Common to each of these Commonly Owned Patent Applications is the disclosure of embodiments of a ceramic body comprising an oxidation reaction product interconnected in one or more dimensions (usually in three dimensions) and one or more metallic constituents or components. The volume of metal, which typically includes non-oxidized constituents of the parent metal and/or metal reduced from an oxidant or filler, depends on such factors as the temperature at which the oxidation reaction product is formed, the length of time at which the oxidation reaction is allowed to proceed, the composition of the parent metal, the presence of dopant materials, the presence of reduced constituents of any oxidant or filler materials, etc. Although some of the metallic components may be isolated or enclosed, it is frequently the case that a substantial volume percent of metal will be interconnected and accessible from an external surface of the ceramic body. It has been observed for these ceramic bodies that this interconnected metal-containing component or constituent can range from about 1 to about 40 percent by volume, and sometimes higher as, for example, in the case of a boride composite.
In many applications for ceramic bodies having an interconnected, metal-containing component, the metal component contributes to, and may enhance, the properties of the ceramic body. In particular, the metal-containing component, due to its greater ductility, may contribute to the toughness or fracture resistance of the ceramic body. Likewise, the metallic constituent can be useful in providing a controlled degree of electrical conductivity in the ceramic body.
However, it also has been observed that for certain applications, the interconnected, metal-containing component may not provide the optimum properties for the intended use, and in some cases it can even detract from the performance of the ceramic body. For example, when the parent metal used in producing an alumina ceramic body is primarily aluminum and the resulting interconnected metal is substantially aluminum or aluminum alloy(s), it has been observed that although the ceramic body functioning at normal conditions may exhibit good fracture toughness or wear resistance, it can be degraded either by subjection or temperatures above the relatively low melting point of aluminum of approximately 660.degree. C., or by subjection to aqueous acid or alkaline environments which corrode away the aluminum constituent. It has been found that when the interconnected metal is so degraded, certain properties of the ceramic body, such as fracture toughness, strength, or wear resistance, are adversely affected. Likewise, in other product uses for such ceramic bodies, it has been observed that the interconnected metallic-containing constituent may not provide the optimum properties for the intended use, such as electrical conductivity, microhardness, etc.

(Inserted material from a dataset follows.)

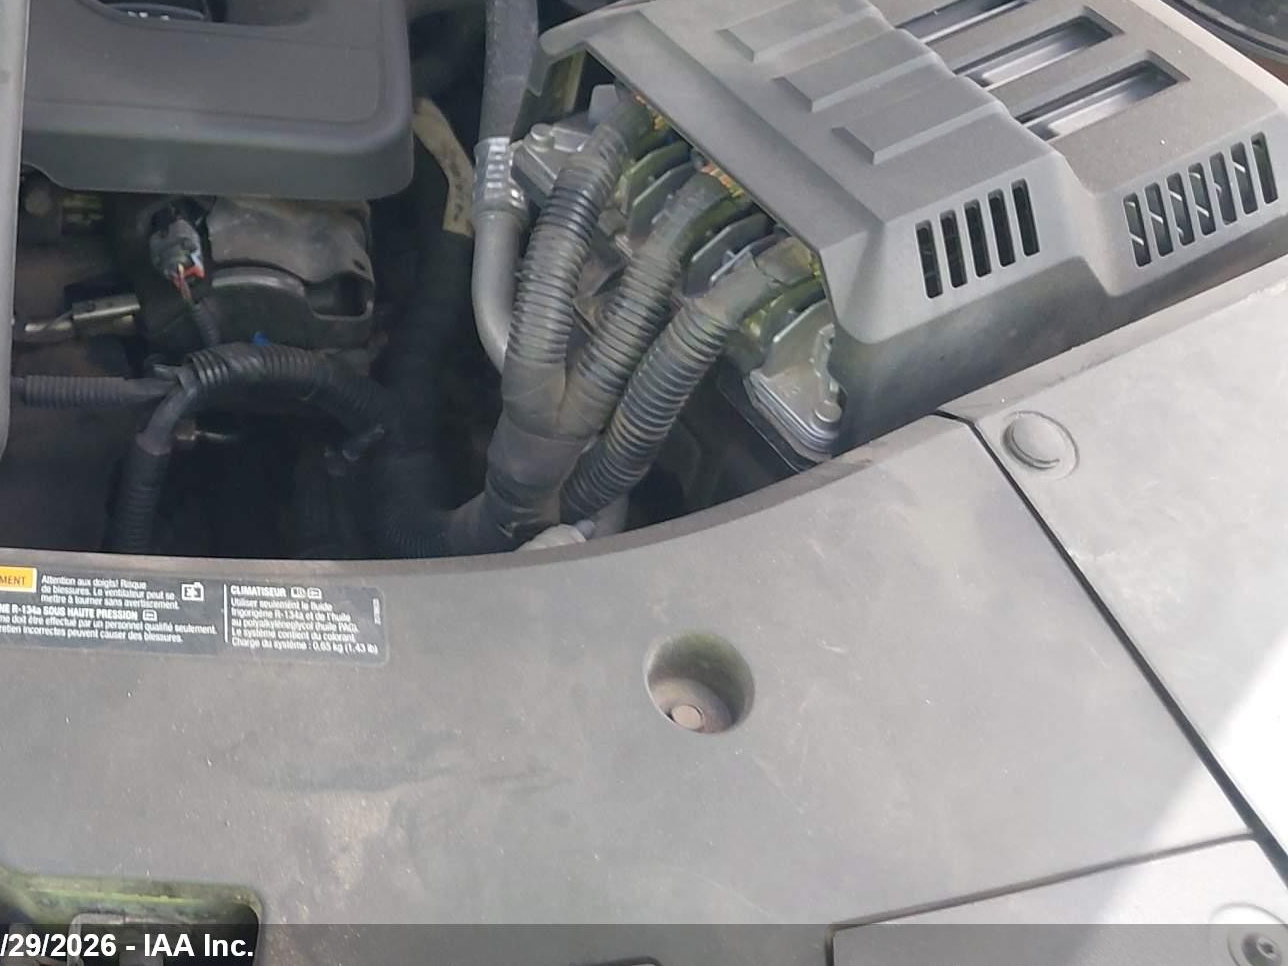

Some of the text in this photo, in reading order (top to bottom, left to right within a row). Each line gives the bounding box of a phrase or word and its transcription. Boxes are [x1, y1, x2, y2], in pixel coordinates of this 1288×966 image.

It is known that graphite yarn can be impregnated with a metal matrix in order to improve certain properties of the yarn, and U.S. Pat. No. 3,770,488 to Pepper et al. discloses one such method for impregnating graphite yarn with an aluminum or magnesium matrix. In order to achieve proper wettability of the graphite yarn with the desired metal, the yarn is first infiltrated by another metal. The infiltrated yarn is then contacted with a molten bath of the desired metal impregnate which leaches out the metal infiltrate thereby forming a yarn reinforced by the desired metal matrix. This patent, however, is specific to graphite yarn, and further does not suggest that a polycrystalline ceramic body having residual interconnected metal can be modified in a post-forming operation.